• _Exercise material_:
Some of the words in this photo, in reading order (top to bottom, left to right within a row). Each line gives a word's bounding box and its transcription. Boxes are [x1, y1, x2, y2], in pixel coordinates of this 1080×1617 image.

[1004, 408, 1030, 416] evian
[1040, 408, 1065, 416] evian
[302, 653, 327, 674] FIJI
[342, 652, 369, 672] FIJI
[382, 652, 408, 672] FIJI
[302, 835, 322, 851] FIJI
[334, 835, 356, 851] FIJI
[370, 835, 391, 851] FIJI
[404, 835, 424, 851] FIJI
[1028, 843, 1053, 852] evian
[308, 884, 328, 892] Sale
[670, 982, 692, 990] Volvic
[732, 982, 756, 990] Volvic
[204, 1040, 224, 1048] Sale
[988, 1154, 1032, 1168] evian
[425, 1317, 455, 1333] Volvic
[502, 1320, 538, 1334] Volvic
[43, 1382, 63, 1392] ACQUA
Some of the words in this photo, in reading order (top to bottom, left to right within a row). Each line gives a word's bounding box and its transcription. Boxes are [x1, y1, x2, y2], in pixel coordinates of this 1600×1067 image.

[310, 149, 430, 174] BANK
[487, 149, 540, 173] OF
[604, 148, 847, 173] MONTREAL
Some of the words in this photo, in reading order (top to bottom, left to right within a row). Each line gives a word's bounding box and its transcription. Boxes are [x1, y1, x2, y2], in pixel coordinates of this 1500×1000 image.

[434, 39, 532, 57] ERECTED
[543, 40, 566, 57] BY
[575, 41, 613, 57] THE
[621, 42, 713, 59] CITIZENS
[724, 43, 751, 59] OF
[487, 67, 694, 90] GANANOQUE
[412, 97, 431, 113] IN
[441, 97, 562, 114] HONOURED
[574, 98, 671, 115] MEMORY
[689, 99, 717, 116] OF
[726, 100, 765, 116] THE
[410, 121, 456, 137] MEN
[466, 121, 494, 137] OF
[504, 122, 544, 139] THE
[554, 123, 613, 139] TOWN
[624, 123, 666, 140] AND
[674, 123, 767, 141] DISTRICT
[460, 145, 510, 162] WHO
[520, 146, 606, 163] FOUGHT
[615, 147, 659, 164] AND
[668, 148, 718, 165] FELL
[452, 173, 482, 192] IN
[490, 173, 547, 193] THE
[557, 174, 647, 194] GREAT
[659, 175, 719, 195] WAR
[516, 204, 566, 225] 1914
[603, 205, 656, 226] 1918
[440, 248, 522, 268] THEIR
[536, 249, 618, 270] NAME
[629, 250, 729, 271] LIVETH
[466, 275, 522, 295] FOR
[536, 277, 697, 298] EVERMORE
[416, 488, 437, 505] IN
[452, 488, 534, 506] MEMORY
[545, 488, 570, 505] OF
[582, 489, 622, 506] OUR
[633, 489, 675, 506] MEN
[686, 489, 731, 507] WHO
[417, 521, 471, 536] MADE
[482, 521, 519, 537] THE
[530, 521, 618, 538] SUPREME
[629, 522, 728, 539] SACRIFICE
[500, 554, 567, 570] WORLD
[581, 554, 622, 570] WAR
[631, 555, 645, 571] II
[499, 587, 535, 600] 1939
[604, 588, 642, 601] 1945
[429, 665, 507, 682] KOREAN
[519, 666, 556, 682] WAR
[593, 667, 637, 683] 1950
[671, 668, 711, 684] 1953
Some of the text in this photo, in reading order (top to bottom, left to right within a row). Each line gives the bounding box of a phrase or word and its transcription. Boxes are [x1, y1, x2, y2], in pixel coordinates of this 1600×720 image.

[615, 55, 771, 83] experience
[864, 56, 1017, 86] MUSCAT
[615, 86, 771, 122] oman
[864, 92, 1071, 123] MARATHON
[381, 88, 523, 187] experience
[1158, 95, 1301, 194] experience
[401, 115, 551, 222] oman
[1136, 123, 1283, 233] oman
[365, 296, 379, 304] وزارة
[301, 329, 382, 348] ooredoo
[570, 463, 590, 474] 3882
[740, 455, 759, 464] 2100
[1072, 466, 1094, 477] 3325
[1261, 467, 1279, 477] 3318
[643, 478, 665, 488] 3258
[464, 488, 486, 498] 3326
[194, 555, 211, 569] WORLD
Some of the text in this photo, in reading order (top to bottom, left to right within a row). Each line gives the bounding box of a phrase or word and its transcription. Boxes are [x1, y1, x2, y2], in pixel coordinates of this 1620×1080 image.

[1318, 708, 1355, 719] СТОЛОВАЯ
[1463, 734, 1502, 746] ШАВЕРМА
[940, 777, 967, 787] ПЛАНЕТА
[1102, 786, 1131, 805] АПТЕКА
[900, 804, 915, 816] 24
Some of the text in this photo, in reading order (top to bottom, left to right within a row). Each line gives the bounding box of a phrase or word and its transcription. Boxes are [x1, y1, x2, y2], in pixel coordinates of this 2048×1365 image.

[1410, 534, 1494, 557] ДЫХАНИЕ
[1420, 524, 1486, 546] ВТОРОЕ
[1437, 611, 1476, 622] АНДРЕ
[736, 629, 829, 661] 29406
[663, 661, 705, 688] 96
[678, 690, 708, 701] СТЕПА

• _Task directions_:
When you repeat the data, keep each line exactly as given.

• _Solution to this exercise_:
Some of the words in this photo, in reading order (top to bottom, left to right within a row). Each line gives a word's bounding box and its transcription. Boxes are [x1, y1, x2, y2], in pixel coordinates of this 1080×1617 image.

[1004, 408, 1030, 416] evian
[1040, 408, 1065, 416] evian
[302, 653, 327, 674] FIJI
[342, 652, 369, 672] FIJI
[382, 652, 408, 672] FIJI
[302, 835, 322, 851] FIJI
[334, 835, 356, 851] FIJI
[370, 835, 391, 851] FIJI
[404, 835, 424, 851] FIJI
[1028, 843, 1053, 852] evian
[308, 884, 328, 892] Sale
[670, 982, 692, 990] Volvic
[732, 982, 756, 990] Volvic
[204, 1040, 224, 1048] Sale
[988, 1154, 1032, 1168] evian
[425, 1317, 455, 1333] Volvic
[502, 1320, 538, 1334] Volvic
[43, 1382, 63, 1392] ACQUA
Some of the words in this photo, in reading order (top to bottom, left to right within a row). Each line gives a word's bounding box and its transcription. Boxes are [x1, y1, x2, y2], in pixel coordinates of this 1600×1067 image.

[310, 149, 430, 174] BANK
[487, 149, 540, 173] OF
[604, 148, 847, 173] MONTREAL
Some of the words in this photo, in reading order (top to bottom, left to right within a row). Each line gives a word's bounding box and its transcription. Boxes are [x1, y1, x2, y2], in pixel coordinates of this 1500×1000 image.

[434, 39, 532, 57] ERECTED
[543, 40, 566, 57] BY
[575, 41, 613, 57] THE
[621, 42, 713, 59] CITIZENS
[724, 43, 751, 59] OF
[487, 67, 694, 90] GANANOQUE
[412, 97, 431, 113] IN
[441, 97, 562, 114] HONOURED
[574, 98, 671, 115] MEMORY
[689, 99, 717, 116] OF
[726, 100, 765, 116] THE
[410, 121, 456, 137] MEN
[466, 121, 494, 137] OF
[504, 122, 544, 139] THE
[554, 123, 613, 139] TOWN
[624, 123, 666, 140] AND
[674, 123, 767, 141] DISTRICT
[460, 145, 510, 162] WHO
[520, 146, 606, 163] FOUGHT
[615, 147, 659, 164] AND
[668, 148, 718, 165] FELL
[452, 173, 482, 192] IN
[490, 173, 547, 193] THE
[557, 174, 647, 194] GREAT
[659, 175, 719, 195] WAR
[516, 204, 566, 225] 1914
[603, 205, 656, 226] 1918
[440, 248, 522, 268] THEIR
[536, 249, 618, 270] NAME
[629, 250, 729, 271] LIVETH
[466, 275, 522, 295] FOR
[536, 277, 697, 298] EVERMORE
[416, 488, 437, 505] IN
[452, 488, 534, 506] MEMORY
[545, 488, 570, 505] OF
[582, 489, 622, 506] OUR
[633, 489, 675, 506] MEN
[686, 489, 731, 507] WHO
[417, 521, 471, 536] MADE
[482, 521, 519, 537] THE
[530, 521, 618, 538] SUPREME
[629, 522, 728, 539] SACRIFICE
[500, 554, 567, 570] WORLD
[581, 554, 622, 570] WAR
[631, 555, 645, 571] II
[499, 587, 535, 600] 1939
[604, 588, 642, 601] 1945
[429, 665, 507, 682] KOREAN
[519, 666, 556, 682] WAR
[593, 667, 637, 683] 1950
[671, 668, 711, 684] 1953
Some of the text in this photo, in reading order (top to bottom, left to right within a row). Each line gives the bounding box of a phrase or word and its transcription. Boxes are [x1, y1, x2, y2], in pixel coordinates of this 1600×720 image.

[615, 55, 771, 83] experience
[864, 56, 1017, 86] MUSCAT
[615, 86, 771, 122] oman
[864, 92, 1071, 123] MARATHON
[381, 88, 523, 187] experience
[1158, 95, 1301, 194] experience
[401, 115, 551, 222] oman
[1136, 123, 1283, 233] oman
[365, 296, 379, 304] وزارة
[301, 329, 382, 348] ooredoo
[570, 463, 590, 474] 3882
[740, 455, 759, 464] 2100
[1072, 466, 1094, 477] 3325
[1261, 467, 1279, 477] 3318
[643, 478, 665, 488] 3258
[464, 488, 486, 498] 3326
[194, 555, 211, 569] WORLD
Some of the text in this photo, in reading order (top to bottom, left to right within a row). Each line gives the bounding box of a phrase or word and its transcription. Boxes are [x1, y1, x2, y2], in pixel coordinates of this 1620×1080 image.

[1318, 708, 1355, 719] СТОЛОВАЯ
[1463, 734, 1502, 746] ШАВЕРМА
[940, 777, 967, 787] ПЛАНЕТА
[1102, 786, 1131, 805] АПТЕКА
[900, 804, 915, 816] 24
Some of the text in this photo, in reading order (top to bottom, left to right within a row). Each line gives the bounding box of a phrase or word and its transcription. Boxes are [x1, y1, x2, y2], in pixel coordinates of this 2048×1365 image.

[1410, 534, 1494, 557] ДЫХАНИЕ
[1420, 524, 1486, 546] ВТОРОЕ
[1437, 611, 1476, 622] АНДРЕ
[736, 629, 829, 661] 29406
[663, 661, 705, 688] 96
[678, 690, 708, 701] СТЕПА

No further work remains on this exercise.